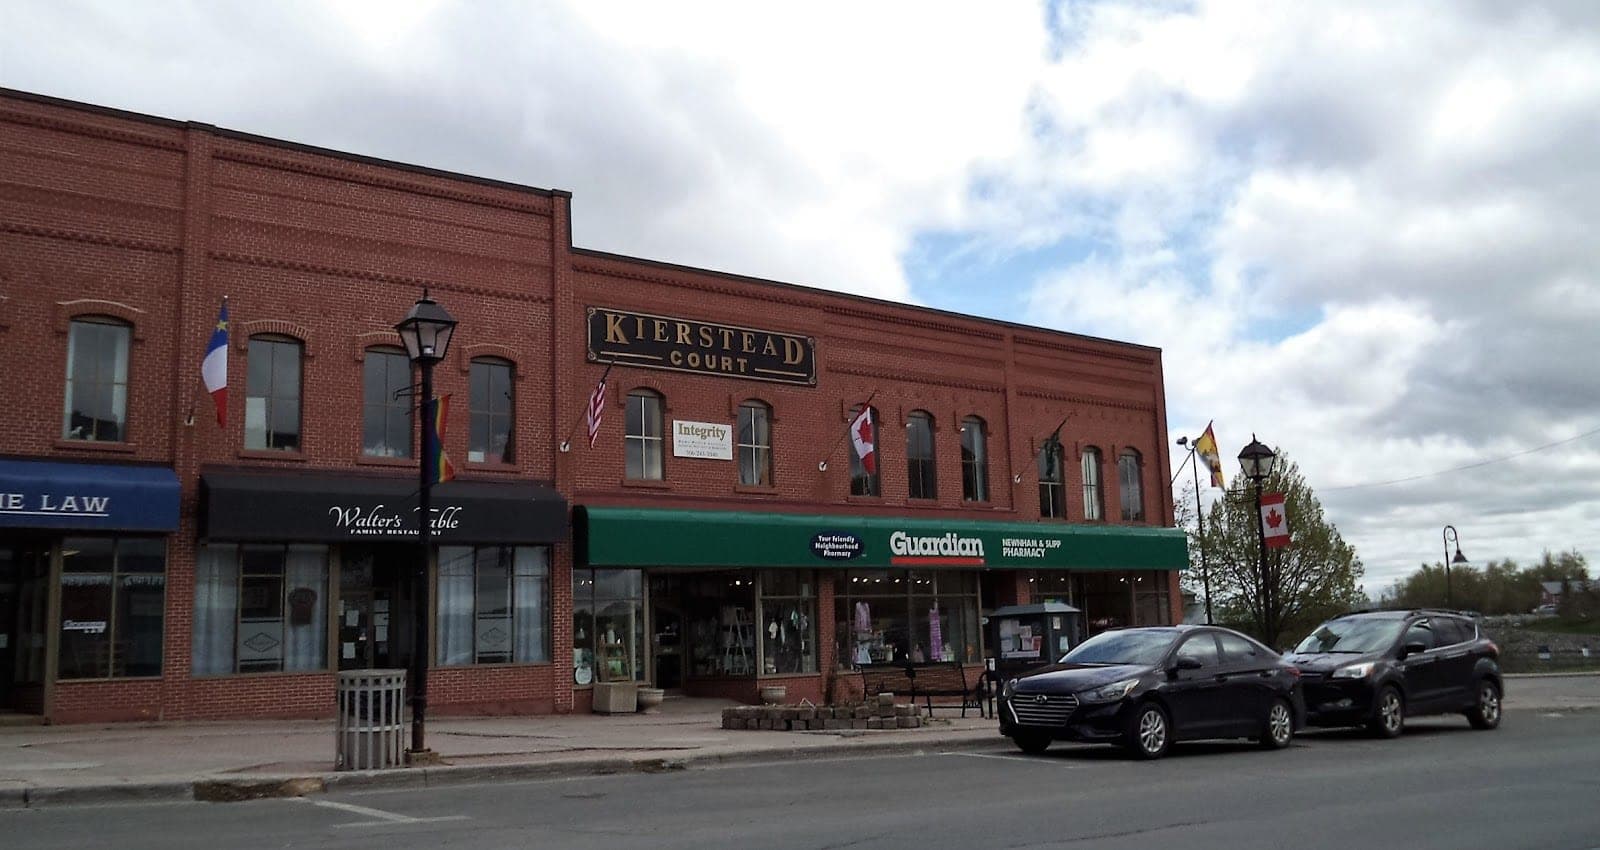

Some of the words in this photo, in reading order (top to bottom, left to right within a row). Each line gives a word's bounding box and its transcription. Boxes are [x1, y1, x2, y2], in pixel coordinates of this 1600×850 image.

[603, 312, 805, 366] KIERSTEAD
[669, 350, 748, 373] COURT
[678, 423, 726, 441] Integrity
[40, 494, 110, 512] LAW
[328, 504, 402, 528] Walter's
[889, 531, 985, 557] Guardian
[1002, 538, 1037, 547] NEWNHAM
[1038, 539, 1044, 547] &
[1045, 540, 1061, 548] SUPP
[1002, 547, 1046, 557] PHARMACY
[823, 550, 851, 558] Pharmacy

____________________

> _WORK INSTRUCTION_
Set down the entries exactly as they appear, with every picture left out.

> _ANSWER BOX_
Some of the words in this photo, in reading order (top to bottom, left to right within a row). Each line gives a word's bounding box and its transcription. Boxes are [x1, y1, x2, y2], in pixel coordinates of this 1600×850 image.

[603, 312, 805, 366] KIERSTEAD
[669, 350, 748, 373] COURT
[678, 423, 726, 441] Integrity
[40, 494, 110, 512] LAW
[328, 504, 402, 528] Walter's
[889, 531, 985, 557] Guardian
[1002, 538, 1037, 547] NEWNHAM
[1038, 539, 1044, 547] &
[1045, 540, 1061, 548] SUPP
[1002, 547, 1046, 557] PHARMACY
[823, 550, 851, 558] Pharmacy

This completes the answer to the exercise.